### Data extract ###

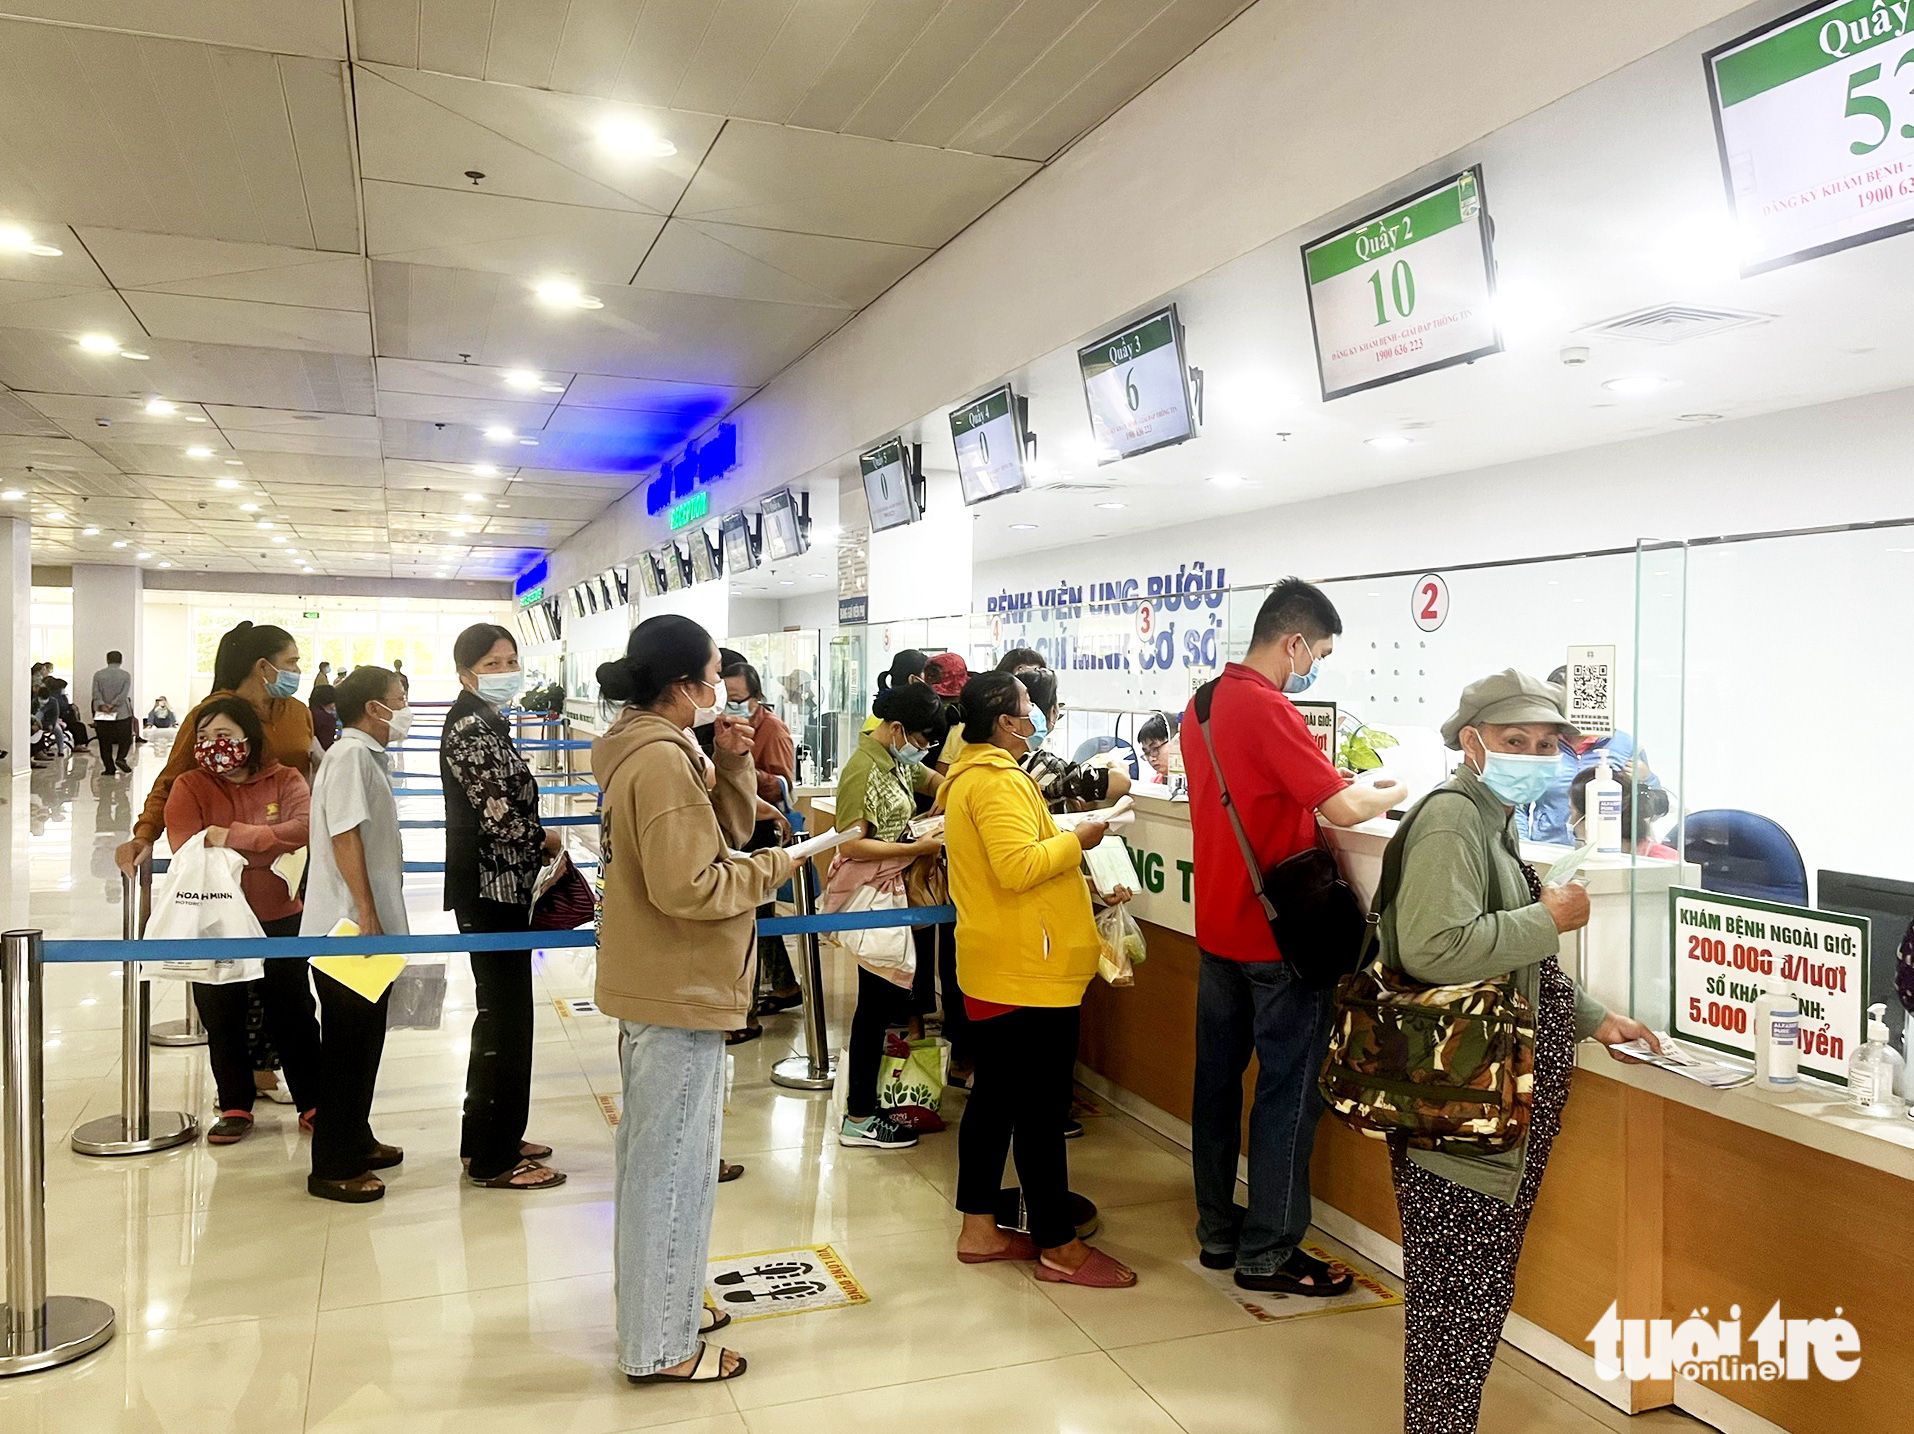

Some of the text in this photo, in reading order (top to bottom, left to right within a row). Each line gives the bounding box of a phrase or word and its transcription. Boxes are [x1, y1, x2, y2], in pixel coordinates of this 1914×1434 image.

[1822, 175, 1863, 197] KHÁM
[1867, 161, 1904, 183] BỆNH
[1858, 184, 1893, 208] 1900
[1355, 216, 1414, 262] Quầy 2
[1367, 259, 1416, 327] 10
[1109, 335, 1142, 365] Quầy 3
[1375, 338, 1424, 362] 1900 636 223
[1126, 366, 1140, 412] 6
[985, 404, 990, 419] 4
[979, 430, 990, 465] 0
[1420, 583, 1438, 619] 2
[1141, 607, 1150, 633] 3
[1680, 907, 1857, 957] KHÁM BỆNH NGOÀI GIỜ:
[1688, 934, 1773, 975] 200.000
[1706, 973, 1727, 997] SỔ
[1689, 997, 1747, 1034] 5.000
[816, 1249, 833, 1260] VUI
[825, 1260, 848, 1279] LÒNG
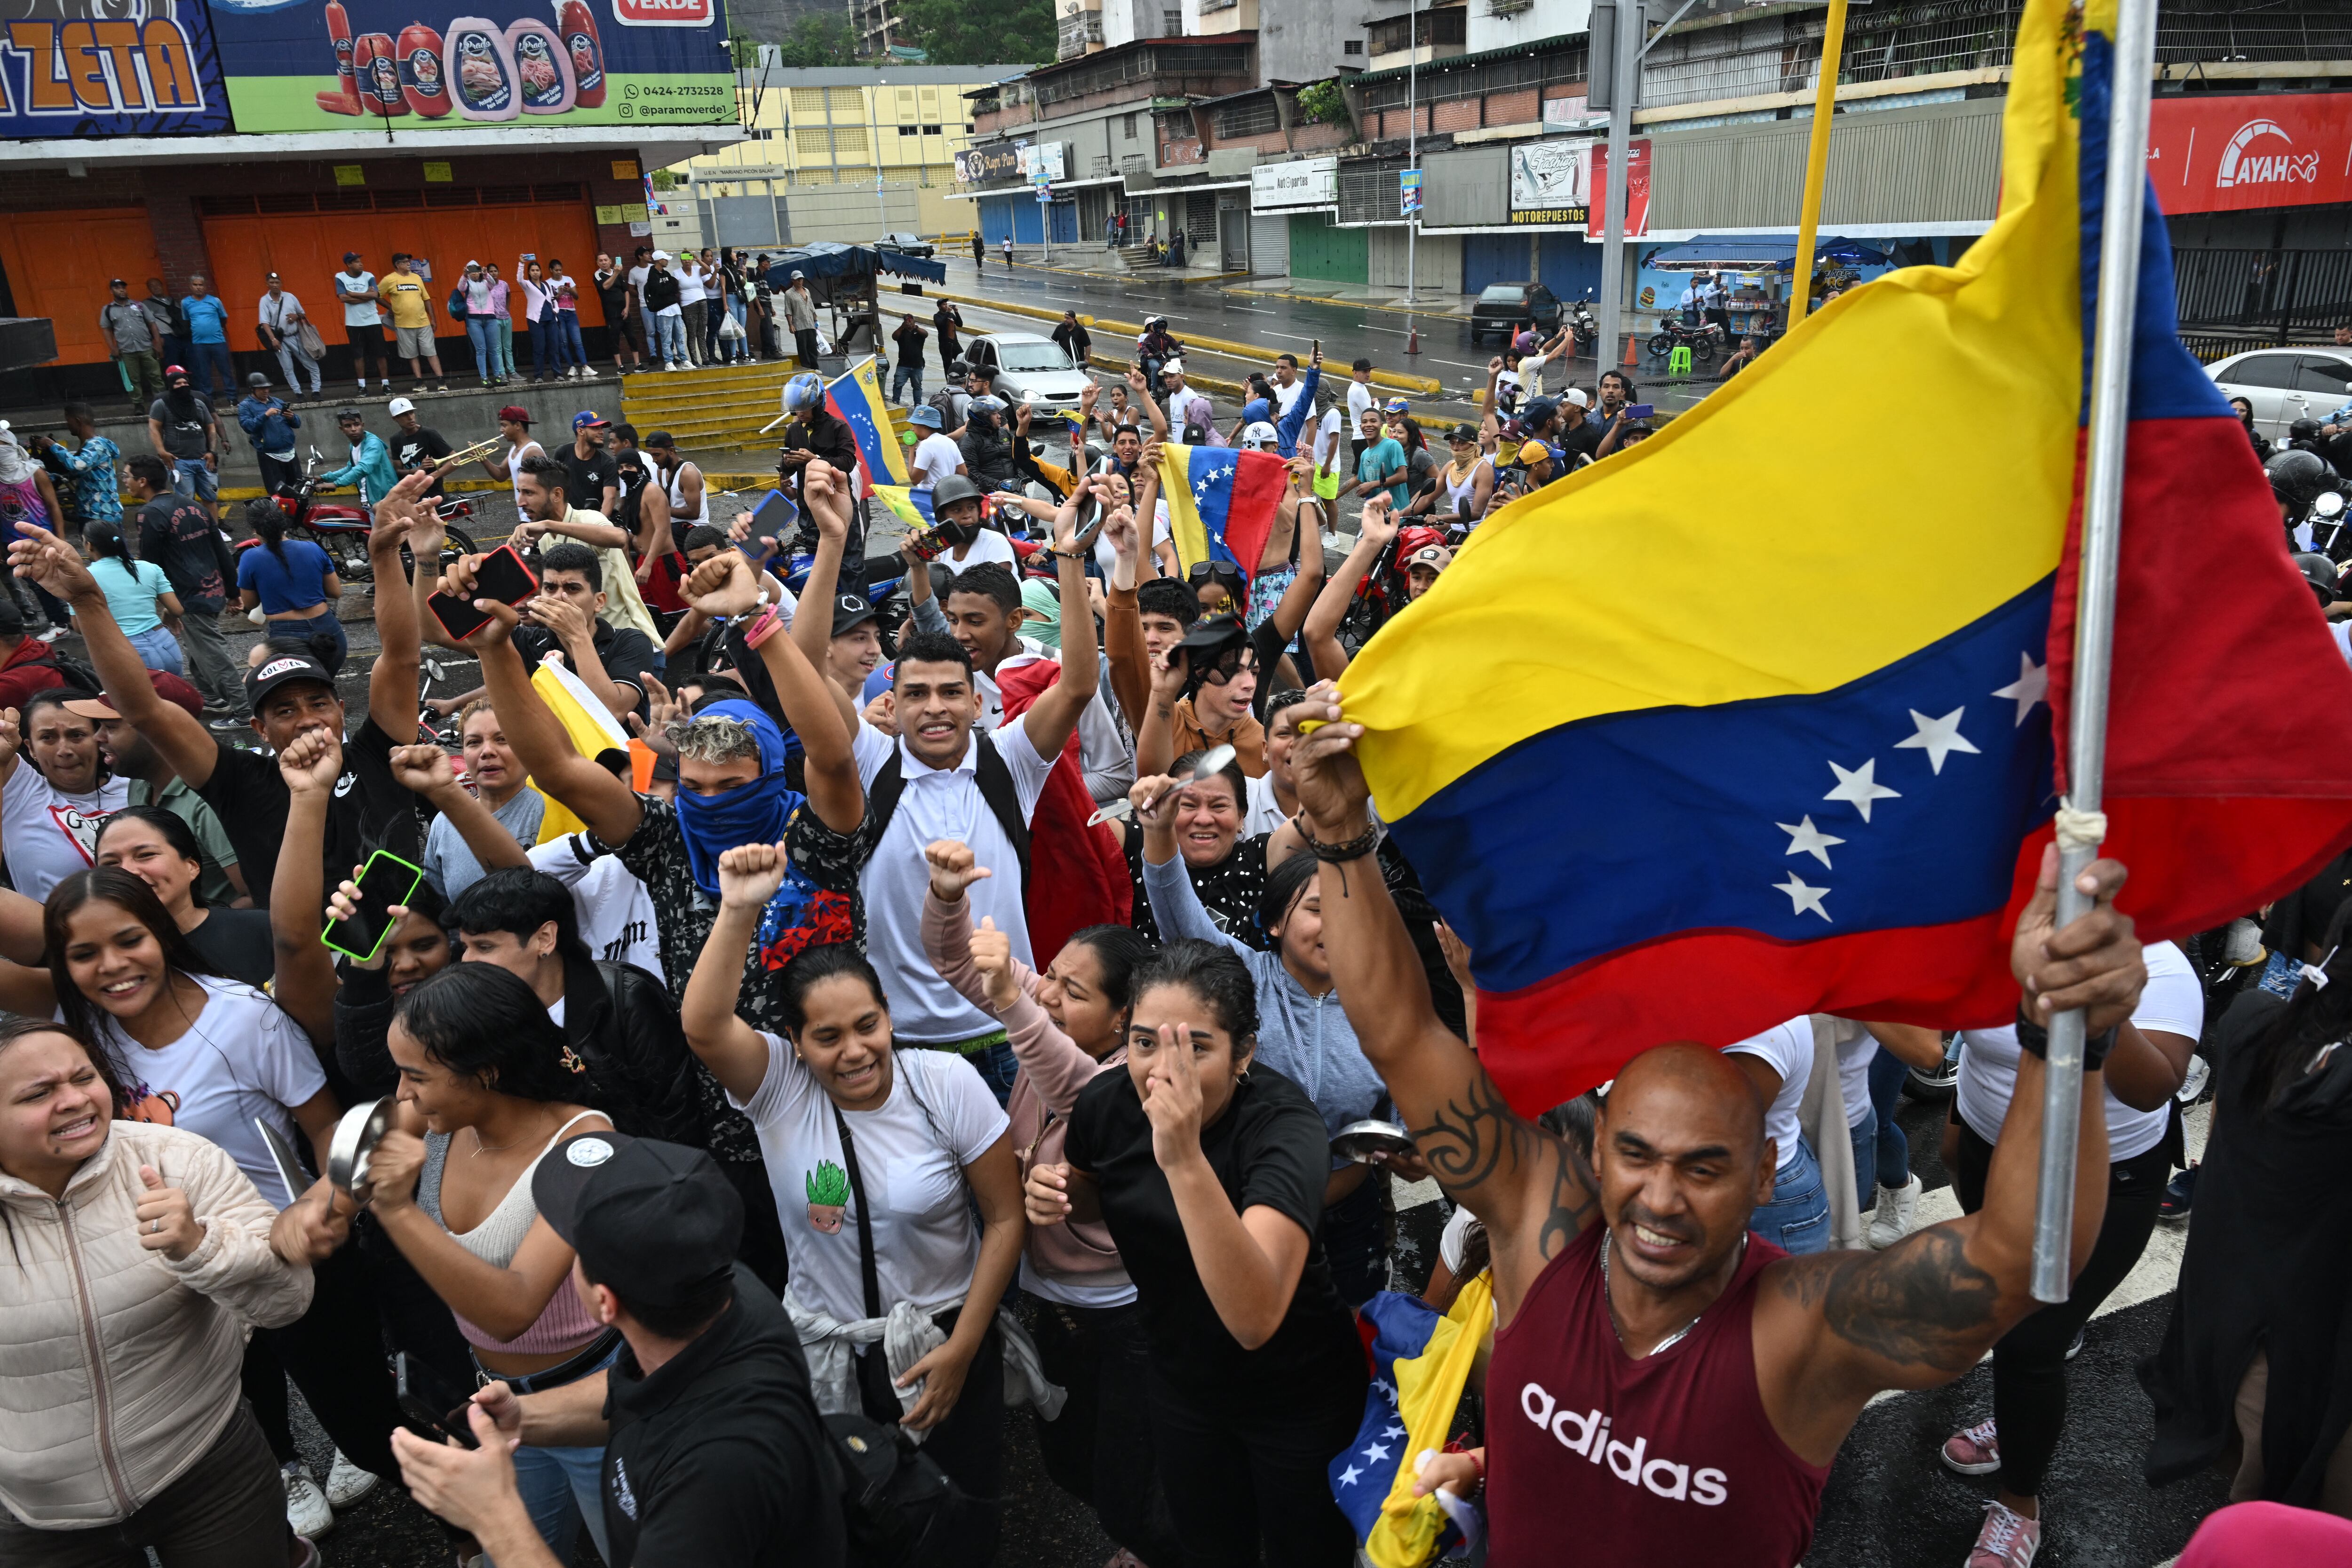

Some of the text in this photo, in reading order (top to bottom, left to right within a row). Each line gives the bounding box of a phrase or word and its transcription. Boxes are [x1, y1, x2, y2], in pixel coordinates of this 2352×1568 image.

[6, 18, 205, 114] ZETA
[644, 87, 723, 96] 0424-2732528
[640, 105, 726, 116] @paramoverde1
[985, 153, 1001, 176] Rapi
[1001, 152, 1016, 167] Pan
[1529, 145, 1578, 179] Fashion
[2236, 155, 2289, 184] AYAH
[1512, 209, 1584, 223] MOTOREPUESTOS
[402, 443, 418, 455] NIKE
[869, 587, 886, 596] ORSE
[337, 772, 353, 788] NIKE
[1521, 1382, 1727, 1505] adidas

###

■ Task description: Produce the full material again verbatim, with the pictures dropped.

■ Answer space:
Some of the text in this photo, in reading order (top to bottom, left to right within a row). Each line gives the bounding box of a phrase or word and its transcription. Boxes are [x1, y1, x2, y2], in pixel coordinates of this 1914×1434 image.

[1822, 175, 1863, 197] KHÁM
[1867, 161, 1904, 183] BỆNH
[1858, 184, 1893, 208] 1900
[1355, 216, 1414, 262] Quầy 2
[1367, 259, 1416, 327] 10
[1109, 335, 1142, 365] Quầy 3
[1375, 338, 1424, 362] 1900 636 223
[1126, 366, 1140, 412] 6
[985, 404, 990, 419] 4
[979, 430, 990, 465] 0
[1420, 583, 1438, 619] 2
[1141, 607, 1150, 633] 3
[1680, 907, 1857, 957] KHÁM BỆNH NGOÀI GIỜ:
[1688, 934, 1773, 975] 200.000
[1706, 973, 1727, 997] SỔ
[1689, 997, 1747, 1034] 5.000
[816, 1249, 833, 1260] VUI
[825, 1260, 848, 1279] LÒNG

Some of the text in this photo, in reading order (top to bottom, left to right within a row). Each line gives the bounding box of a phrase or word and its transcription. Boxes are [x1, y1, x2, y2], in pixel coordinates of this 2352×1568 image.

[6, 18, 205, 114] ZETA
[644, 87, 723, 96] 0424-2732528
[640, 105, 726, 116] @paramoverde1
[985, 153, 1001, 176] Rapi
[1001, 152, 1016, 167] Pan
[1529, 145, 1578, 179] Fashion
[2236, 155, 2289, 184] AYAH
[1512, 209, 1584, 223] MOTOREPUESTOS
[402, 443, 418, 455] NIKE
[869, 587, 886, 596] ORSE
[337, 772, 353, 788] NIKE
[1521, 1382, 1727, 1505] adidas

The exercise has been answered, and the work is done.